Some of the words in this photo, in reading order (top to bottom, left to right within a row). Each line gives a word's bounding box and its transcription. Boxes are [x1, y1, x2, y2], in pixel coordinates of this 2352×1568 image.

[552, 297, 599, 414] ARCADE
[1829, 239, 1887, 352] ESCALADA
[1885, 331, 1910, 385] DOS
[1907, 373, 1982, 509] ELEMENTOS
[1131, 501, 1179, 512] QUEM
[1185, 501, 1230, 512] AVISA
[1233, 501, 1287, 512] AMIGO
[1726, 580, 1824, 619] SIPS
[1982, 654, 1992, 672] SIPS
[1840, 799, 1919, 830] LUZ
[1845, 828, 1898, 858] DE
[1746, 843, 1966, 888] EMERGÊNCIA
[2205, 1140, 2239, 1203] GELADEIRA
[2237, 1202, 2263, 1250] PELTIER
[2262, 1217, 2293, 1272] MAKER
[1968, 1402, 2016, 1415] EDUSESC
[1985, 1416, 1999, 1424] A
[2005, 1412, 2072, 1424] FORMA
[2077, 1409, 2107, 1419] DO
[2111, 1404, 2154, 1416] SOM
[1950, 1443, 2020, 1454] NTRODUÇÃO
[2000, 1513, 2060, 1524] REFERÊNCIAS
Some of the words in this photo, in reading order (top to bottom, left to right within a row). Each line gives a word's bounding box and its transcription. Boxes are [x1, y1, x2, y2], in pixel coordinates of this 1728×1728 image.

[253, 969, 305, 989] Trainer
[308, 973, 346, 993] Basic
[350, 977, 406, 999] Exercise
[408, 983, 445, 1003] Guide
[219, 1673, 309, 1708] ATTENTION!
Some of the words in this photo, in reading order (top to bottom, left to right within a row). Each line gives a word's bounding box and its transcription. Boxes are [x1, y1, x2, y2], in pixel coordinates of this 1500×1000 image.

**HOW TO COMPLETE THIS TASK:** All of the records above are to be printed again exactly as they appear.

**RESPONSE TO THE TASK:**
Some of the words in this photo, in reading order (top to bottom, left to right within a row). Each line gives a word's bounding box and its transcription. Boxes are [x1, y1, x2, y2], in pixel coordinates of this 2352×1568 image.

[552, 297, 599, 414] ARCADE
[1829, 239, 1887, 352] ESCALADA
[1885, 331, 1910, 385] DOS
[1907, 373, 1982, 509] ELEMENTOS
[1131, 501, 1179, 512] QUEM
[1185, 501, 1230, 512] AVISA
[1233, 501, 1287, 512] AMIGO
[1726, 580, 1824, 619] SIPS
[1982, 654, 1992, 672] SIPS
[1840, 799, 1919, 830] LUZ
[1845, 828, 1898, 858] DE
[1746, 843, 1966, 888] EMERGÊNCIA
[2205, 1140, 2239, 1203] GELADEIRA
[2237, 1202, 2263, 1250] PELTIER
[2262, 1217, 2293, 1272] MAKER
[1968, 1402, 2016, 1415] EDUSESC
[1985, 1416, 1999, 1424] A
[2005, 1412, 2072, 1424] FORMA
[2077, 1409, 2107, 1419] DO
[2111, 1404, 2154, 1416] SOM
[1950, 1443, 2020, 1454] NTRODUÇÃO
[2000, 1513, 2060, 1524] REFERÊNCIAS
Some of the words in this photo, in reading order (top to bottom, left to right within a row). Each line gives a word's bounding box and its transcription. Boxes are [x1, y1, x2, y2], in pixel coordinates of this 1728×1728 image.

[253, 969, 305, 989] Trainer
[308, 973, 346, 993] Basic
[350, 977, 406, 999] Exercise
[408, 983, 445, 1003] Guide
[219, 1673, 309, 1708] ATTENTION!
Some of the words in this photo, in reading order (top to bottom, left to right within a row). Each line gives a word's bounding box and its transcription. Boxes are [x1, y1, x2, y2], in pixel coordinates of this 1500×1000 image.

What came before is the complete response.